What you return must match the listing exactly, with every image removed.

*Exercise data*
※ ※ ※
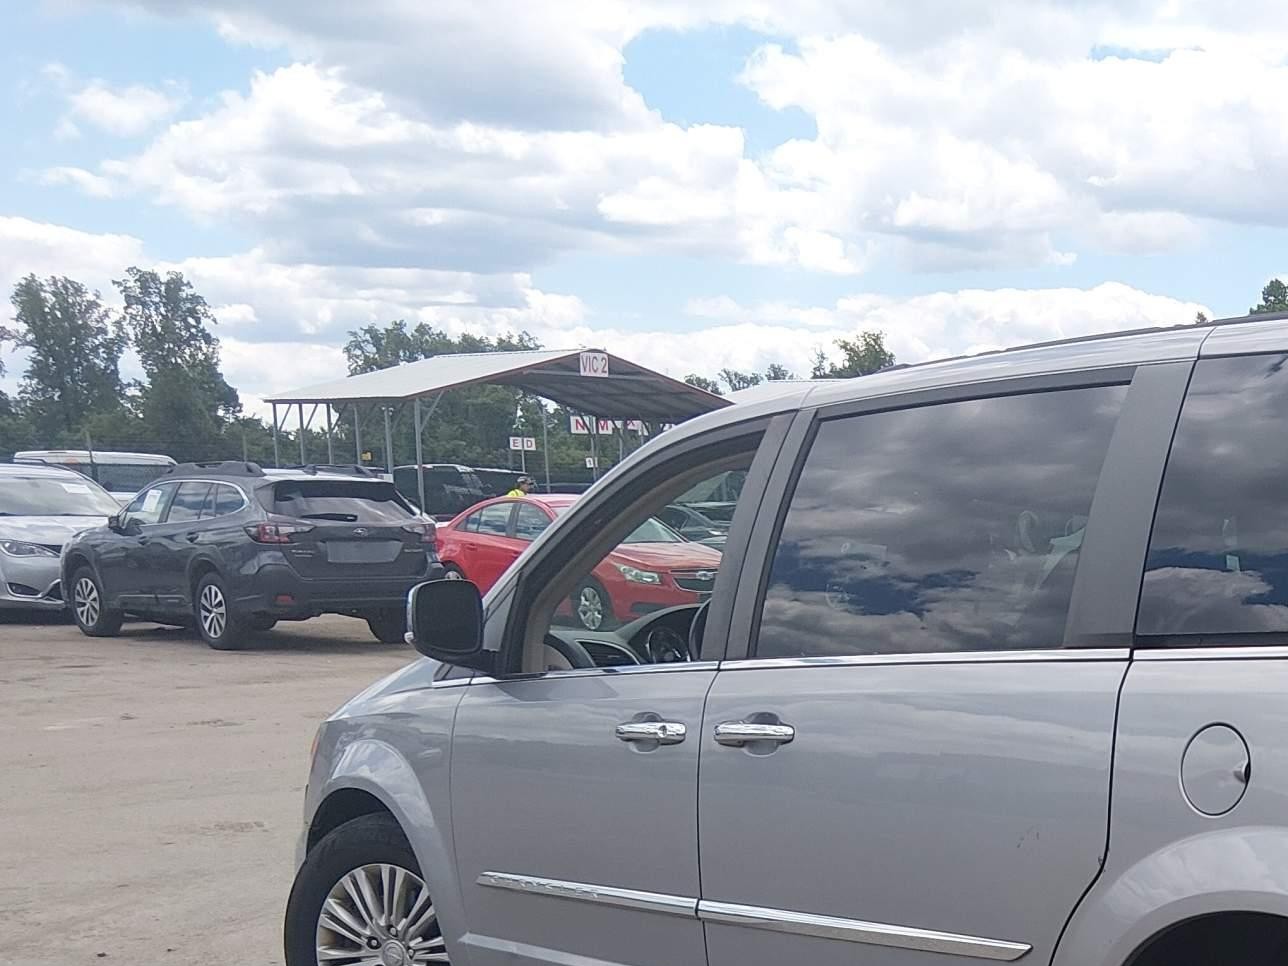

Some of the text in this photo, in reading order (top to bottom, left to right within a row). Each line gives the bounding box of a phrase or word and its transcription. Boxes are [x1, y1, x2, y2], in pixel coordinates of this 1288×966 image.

[581, 355, 608, 374] VIC 2
[512, 438, 519, 448] E
[526, 439, 533, 449] D
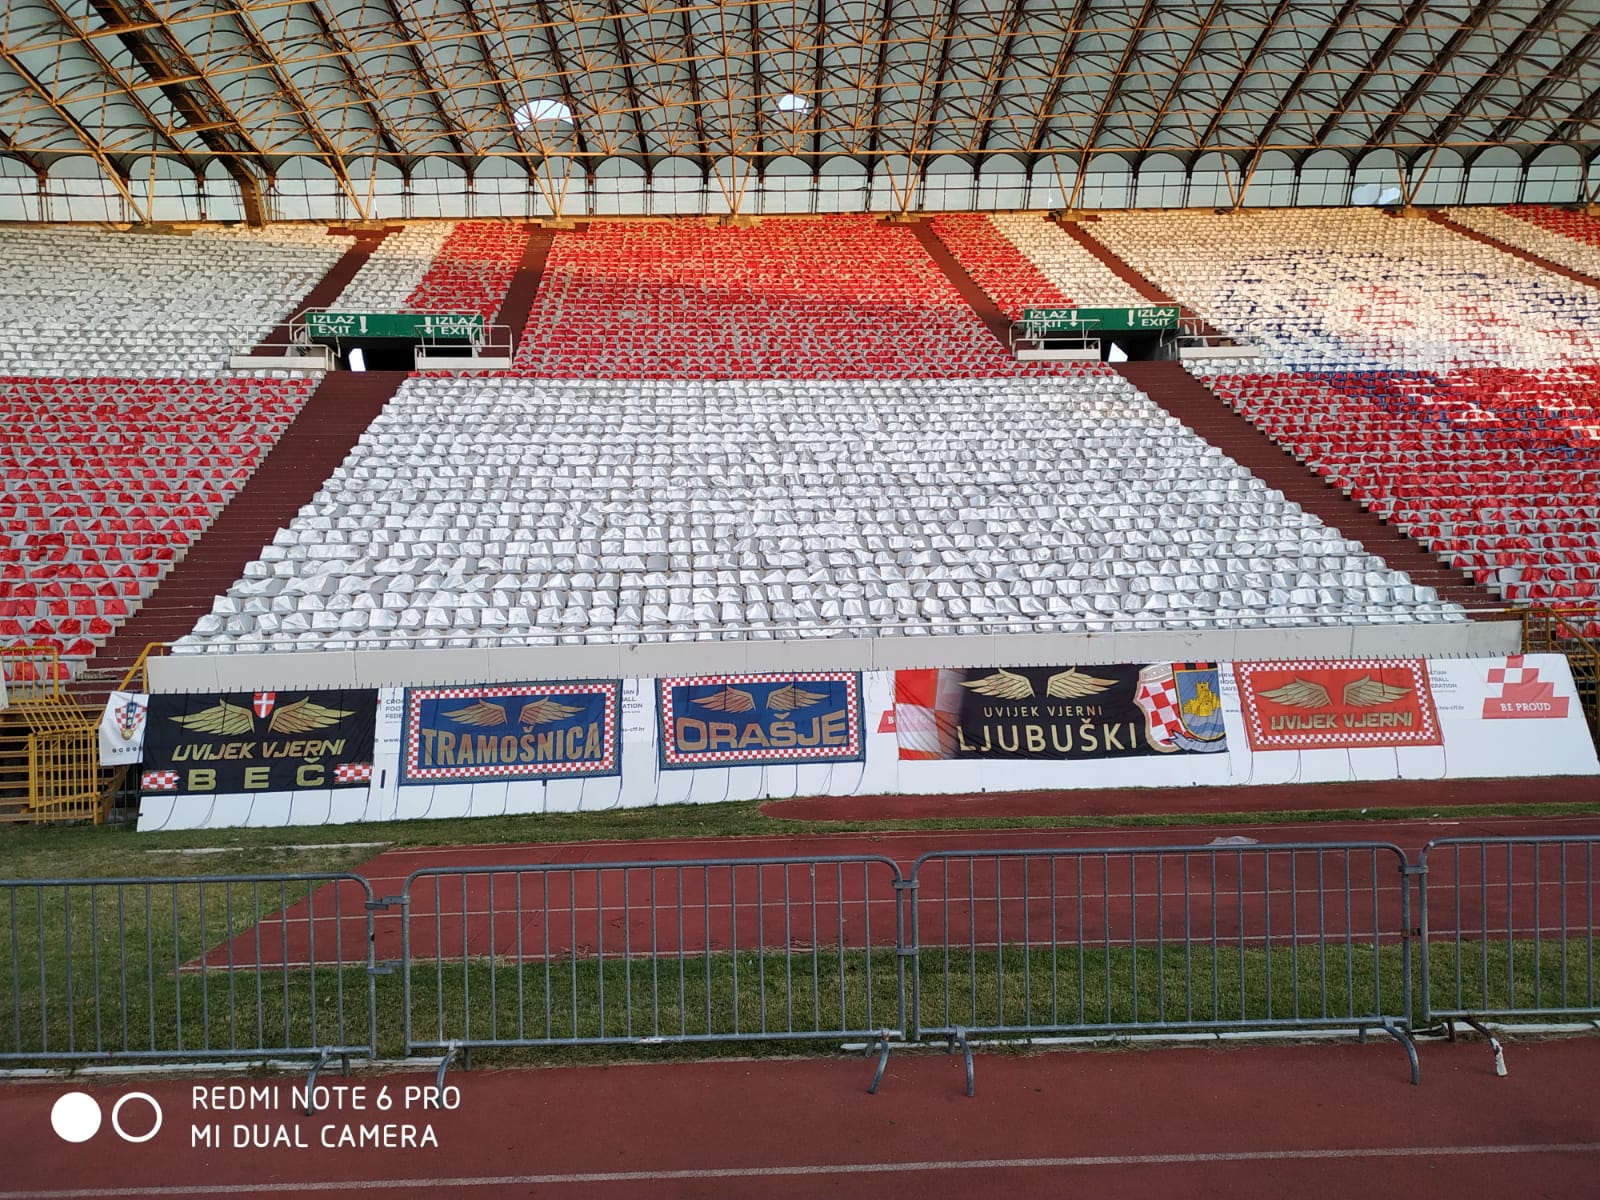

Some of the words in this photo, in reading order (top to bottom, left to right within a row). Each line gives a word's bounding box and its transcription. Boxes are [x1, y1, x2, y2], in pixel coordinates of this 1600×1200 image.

[1030, 310, 1067, 319] IZLAZ
[1137, 309, 1175, 317] IZLAZ
[312, 315, 355, 325] IZLAZ
[435, 316, 474, 325] IZLAZ
[1141, 318, 1170, 327] EXIT
[318, 325, 351, 334] EXIT
[441, 326, 472, 335] EXIT
[983, 706, 1039, 718] UVIJEK
[1046, 705, 1103, 717] VJERNI
[1500, 703, 1513, 712] BE
[1515, 702, 1551, 712] PROUD
[1271, 714, 1338, 730] UVIJEK
[1344, 712, 1413, 729] VJERNI
[676, 709, 848, 751] ORAŠJE
[958, 718, 1137, 752] LJUBUŠKI
[421, 722, 602, 766] TRAMOŠNICA
[171, 741, 256, 761] UVIJEK
[262, 739, 346, 759] VJERNI
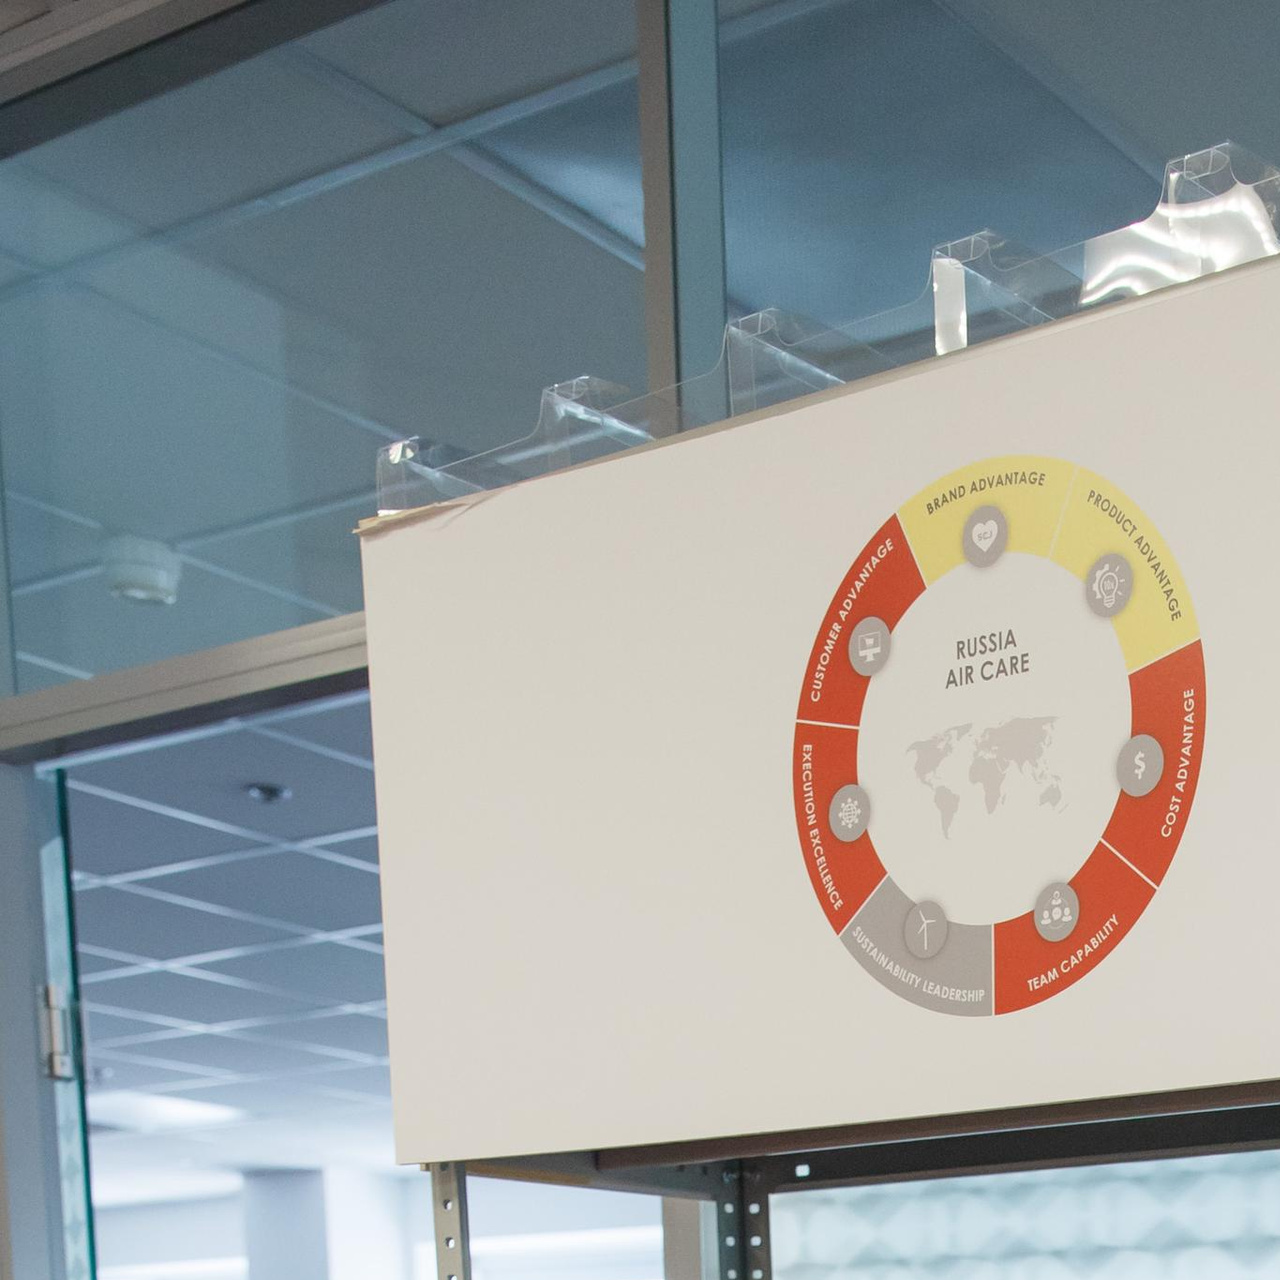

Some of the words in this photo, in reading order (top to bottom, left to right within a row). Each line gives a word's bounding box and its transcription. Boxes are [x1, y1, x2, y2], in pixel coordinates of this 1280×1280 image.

[926, 485, 966, 516] BRAND
[970, 471, 1047, 495] ADVANTAGE
[977, 531, 993, 542] SCJ
[1086, 489, 1138, 538] PRODUCT
[1133, 536, 1182, 622] ADVANTAGE
[811, 620, 843, 703] CUSTOMER
[838, 538, 895, 621] ADVANTAGE
[956, 629, 1017, 660] RUSSIA
[945, 665, 975, 690] AIR
[980, 653, 1030, 682] CARE
[802, 743, 819, 828] EXECUTION
[1160, 795, 1182, 838] COST
[1178, 688, 1195, 793] ADVANTAGE
[809, 828, 844, 912] EXCELLENCE
[852, 926, 922, 990] SUSTAINABILITY
[922, 979, 986, 1003] LEADERSHIP
[1026, 967, 1060, 993] TEAM
[1059, 913, 1121, 975] CAPABILITY
※ ※ ※
*Result of the exercise*
Some of the text in this photo, in reading order (top to bottom, left to right within a row). Each line gives the bounding box of a phrase or word and its transcription. Boxes are [x1, y1, x2, y2], in pixel coordinates of this 1288×966 image.

[581, 355, 608, 374] VIC 2
[512, 438, 519, 448] E
[526, 439, 533, 449] D

Some of the words in this photo, in reading order (top to bottom, left to right within a row). Each line gives a word's bounding box and its transcription. Boxes are [x1, y1, x2, y2], in pixel coordinates of this 1600×1200 image.

[1030, 310, 1067, 319] IZLAZ
[1137, 309, 1175, 317] IZLAZ
[312, 315, 355, 325] IZLAZ
[435, 316, 474, 325] IZLAZ
[1141, 318, 1170, 327] EXIT
[318, 325, 351, 334] EXIT
[441, 326, 472, 335] EXIT
[983, 706, 1039, 718] UVIJEK
[1046, 705, 1103, 717] VJERNI
[1500, 703, 1513, 712] BE
[1515, 702, 1551, 712] PROUD
[1271, 714, 1338, 730] UVIJEK
[1344, 712, 1413, 729] VJERNI
[676, 709, 848, 751] ORAŠJE
[958, 718, 1137, 752] LJUBUŠKI
[421, 722, 602, 766] TRAMOŠNICA
[171, 741, 256, 761] UVIJEK
[262, 739, 346, 759] VJERNI

Some of the words in this photo, in reading order (top to bottom, left to right within a row). Each line gives a word's bounding box and its transcription. Boxes are [x1, y1, x2, y2], in pixel coordinates of this 1280×1280 image.

[926, 485, 966, 516] BRAND
[970, 471, 1047, 495] ADVANTAGE
[977, 531, 993, 542] SCJ
[1086, 489, 1138, 538] PRODUCT
[1133, 536, 1182, 622] ADVANTAGE
[811, 620, 843, 703] CUSTOMER
[838, 538, 895, 621] ADVANTAGE
[956, 629, 1017, 660] RUSSIA
[945, 665, 975, 690] AIR
[980, 653, 1030, 682] CARE
[802, 743, 819, 828] EXECUTION
[1160, 795, 1182, 838] COST
[1178, 688, 1195, 793] ADVANTAGE
[809, 828, 844, 912] EXCELLENCE
[852, 926, 922, 990] SUSTAINABILITY
[922, 979, 986, 1003] LEADERSHIP
[1026, 967, 1060, 993] TEAM
[1059, 913, 1121, 975] CAPABILITY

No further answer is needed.